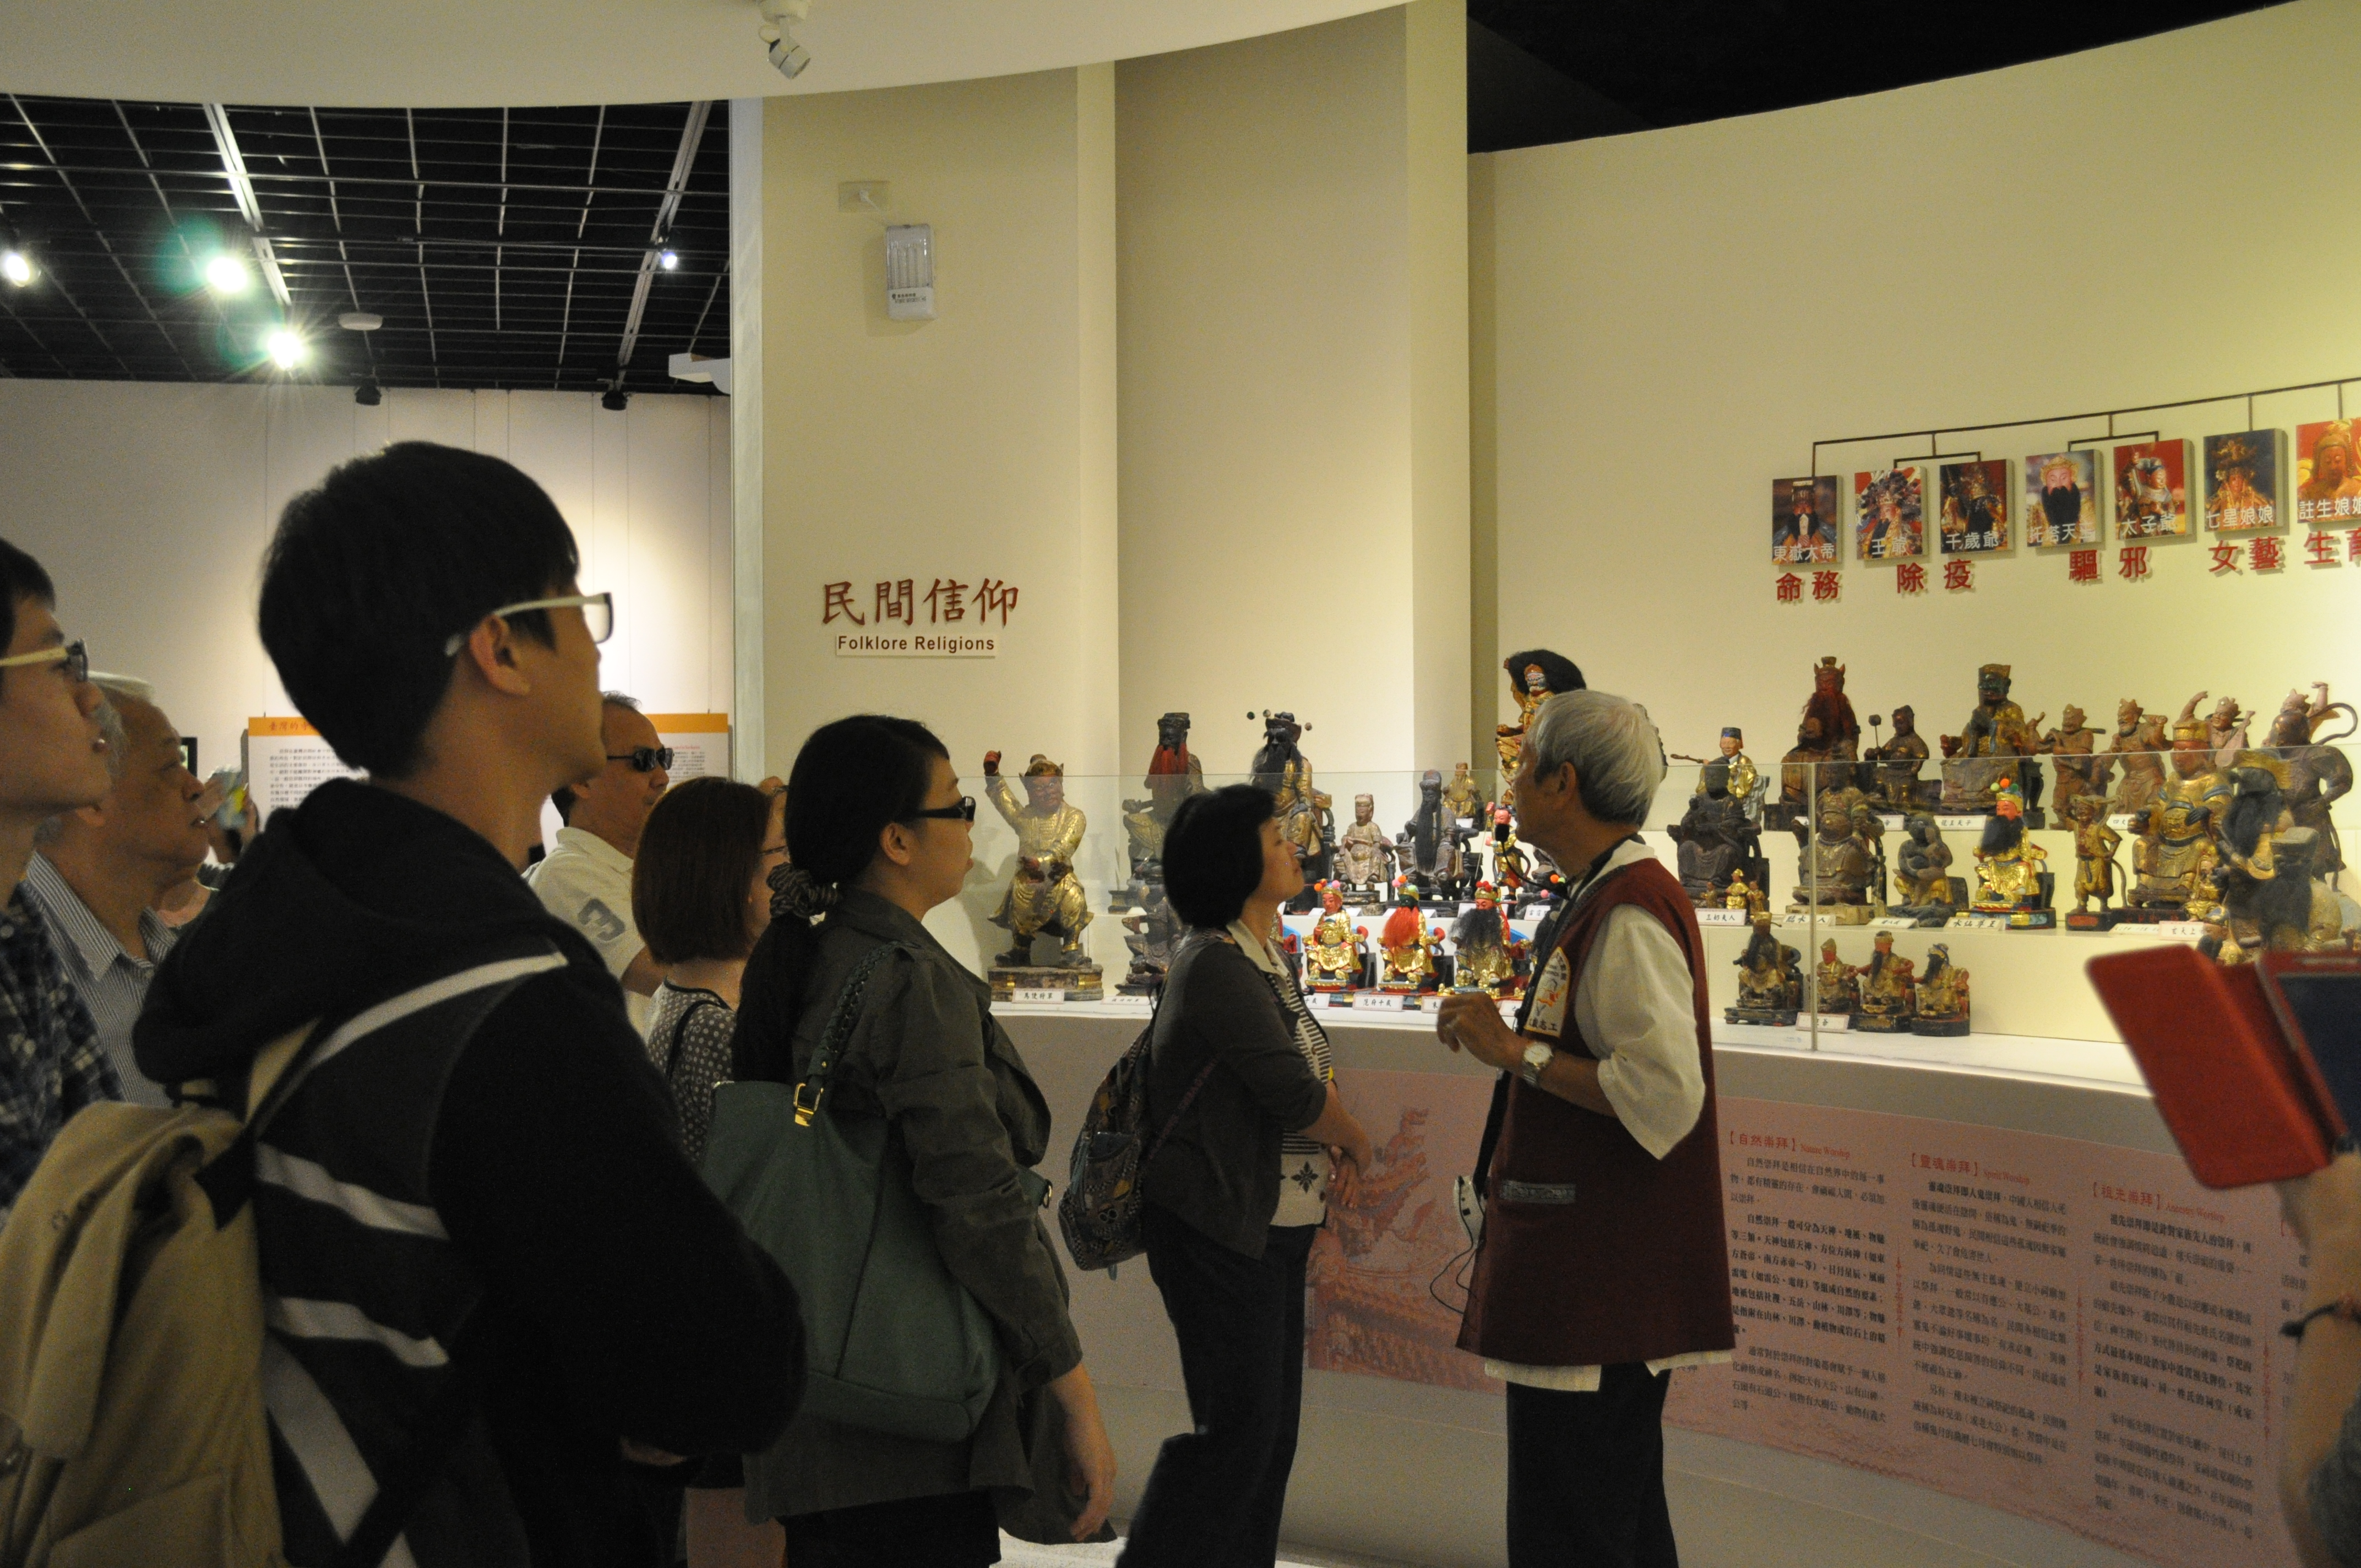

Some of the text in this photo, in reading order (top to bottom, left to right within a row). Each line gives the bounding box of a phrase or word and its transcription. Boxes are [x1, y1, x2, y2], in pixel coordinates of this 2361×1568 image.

[2205, 506, 2274, 529] 七星娘娘
[2299, 496, 2361, 519] 註生娘娘
[2029, 521, 2095, 543] 托塔天王
[2121, 514, 2178, 538] 太子爺
[1872, 536, 1907, 556] 王爺
[1946, 531, 2000, 549] 千歲爺
[1774, 543, 1835, 561] 東嶽大帝
[2208, 536, 2280, 573] 女藝
[2068, 546, 2148, 582] 驅邪
[1776, 570, 1839, 601] 命務
[1896, 559, 1973, 594] 除疫
[822, 578, 1019, 627] 民間信仰
[838, 635, 994, 654] Folklore Religions
[1730, 1130, 1796, 1152] 【自然崇拜】
[1800, 1143, 1849, 1159] Nature Worship
[2003, 1172, 2030, 1186] Worship

▶ **Assignment**
Return the material word for word, images omitted.

▶ **Finished task**
Some of the text in this photo, in reading order (top to bottom, left to right within a row). Each line gives the bounding box of a phrase or word and its transcription. Boxes are [x1, y1, x2, y2], in pixel coordinates of this 2361×1568 image.

[2205, 506, 2274, 529] 七星娘娘
[2299, 496, 2361, 519] 註生娘娘
[2029, 521, 2095, 543] 托塔天王
[2121, 514, 2178, 538] 太子爺
[1872, 536, 1907, 556] 王爺
[1946, 531, 2000, 549] 千歲爺
[1774, 543, 1835, 561] 東嶽大帝
[2208, 536, 2280, 573] 女藝
[2068, 546, 2148, 582] 驅邪
[1776, 570, 1839, 601] 命務
[1896, 559, 1973, 594] 除疫
[822, 578, 1019, 627] 民間信仰
[838, 635, 994, 654] Folklore Religions
[1730, 1130, 1796, 1152] 【自然崇拜】
[1800, 1143, 1849, 1159] Nature Worship
[2003, 1172, 2030, 1186] Worship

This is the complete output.